Jakob Lorber - Van de hel tot de hemel (deel 1)

«« 36 / 150 »»
[1] Robert zegt: 'Waarde vriend! Ik merk dat je een beetje scherp wordt en soms ook wat beledigend! Dat is zo'n eigenschap die bijna alle leraren eigen is, of ze nu groot of klein zijn. Want door de bank genomen worden ze allemaal bij bepaalde gelegenheden wat grof en wijzen hun pupillen er soms fijntjes op dat zij behoren tot dat soort geduldige dieren, dat wat betreft zachtmoedigheid en geduld veel overeenkomst heeft met de grote wijsgeren! Naar bloed smachten deze dieren nooit, echter wel naar hooi en stro. Deze magere kost levert natuurlijk voor de opbouw van de hersenen slechts een geringe bijdrage. Vandaar dat deze dieren gewoonlijk verdraaid weinig van die grijze, brijachtige massa in hun kop hebben, waarvan het hoofd van Socrates een overvloedige rijkdom moet hebben gehad.

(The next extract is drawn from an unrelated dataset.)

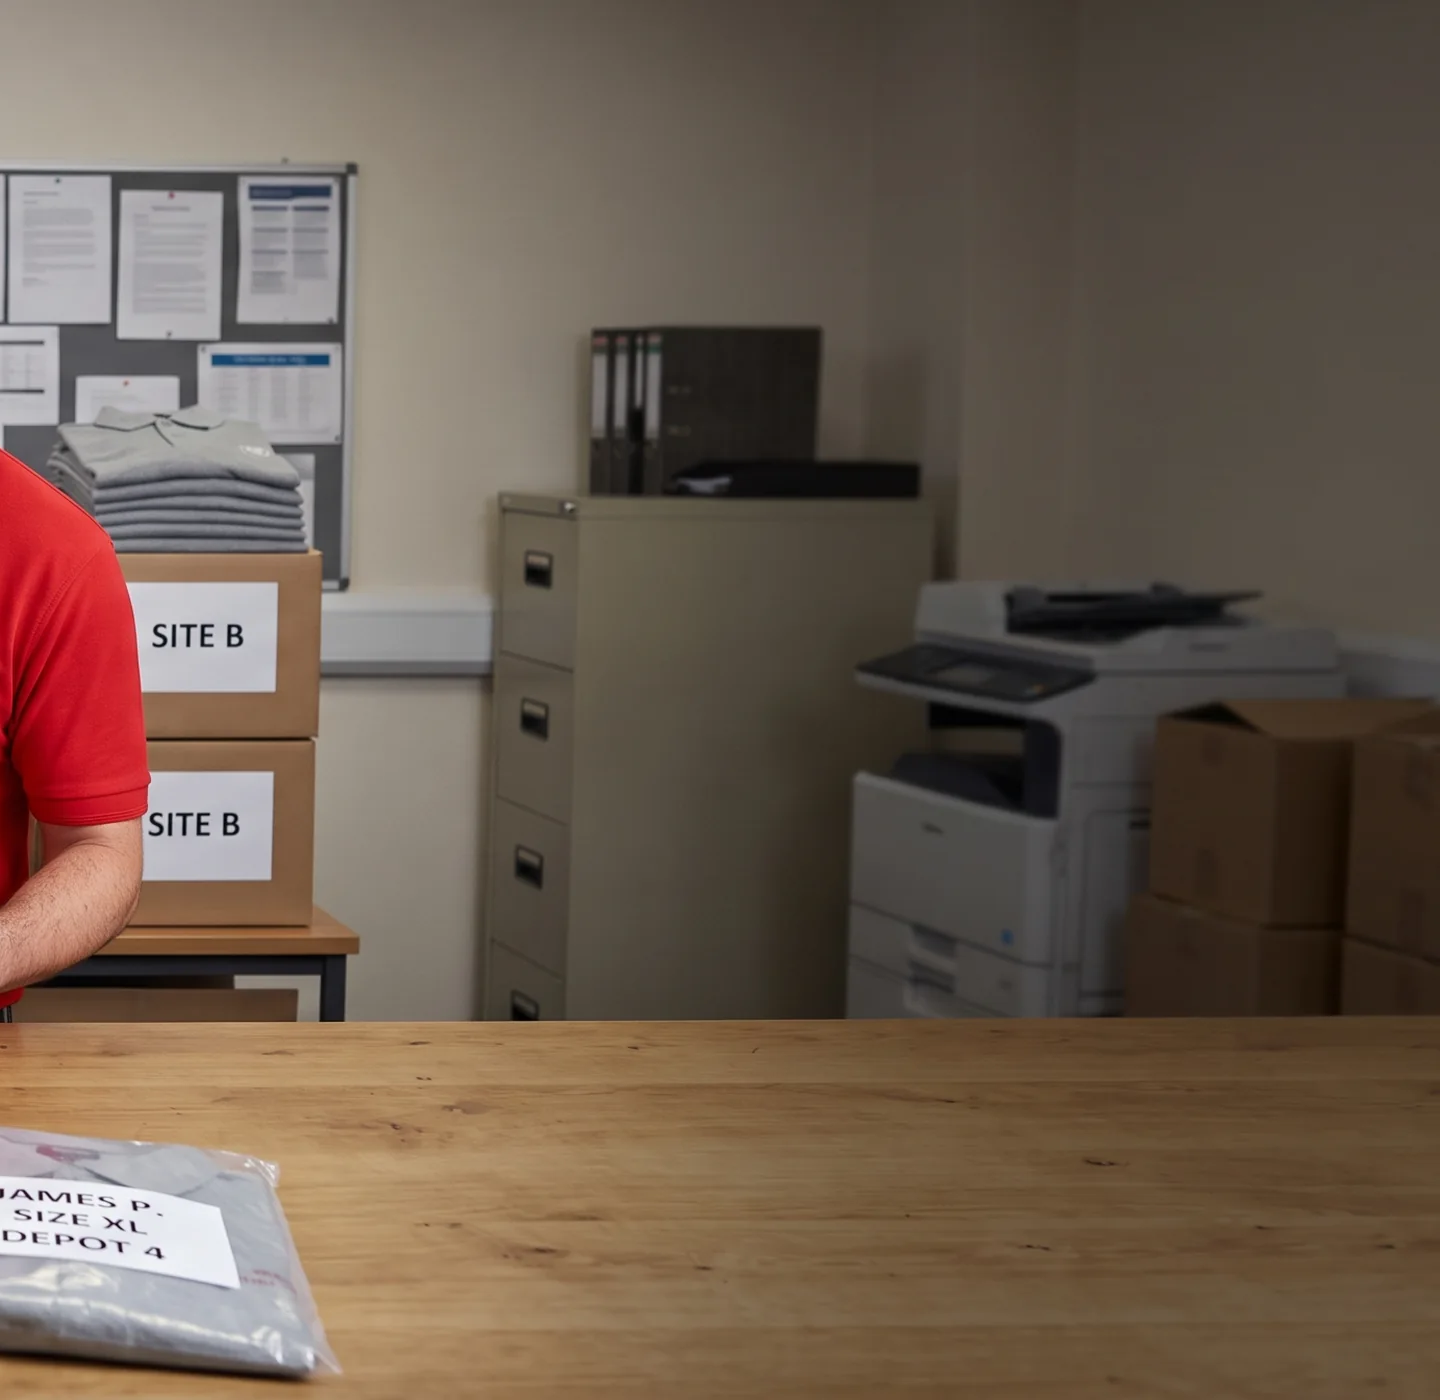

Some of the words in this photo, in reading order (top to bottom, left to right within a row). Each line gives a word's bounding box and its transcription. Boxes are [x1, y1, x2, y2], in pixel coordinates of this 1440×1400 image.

[2] Je hebt mij zonder veel moeite begrijpelijk gemaakt, dat het om mij heen, evenals in mij, in zekere zin zo leeg is als in het hoofd van de viervoeter die zijn levensether uit hooi en stro betrekt. Daarom kan ik er werkelijk niet omheen je te vragen om in het vervolg, als ik dan al volstrekt een ezel ben, mij dit zonder omhaal ronduit te zeggen! Want als jij werkelijk niets in mij vindt wat deugt voor een verdere ontwikkeling van mijn inzichten, als in mij geen andere materie aanwezig is dan wat er mogelijkerwijs in de kop van een ezel zit, zeg het dan maar ronduit, dan zal ik me daardoor helemaal niet gekrenkt voelen. Want waar niets is, daar is nu eenmaal niets!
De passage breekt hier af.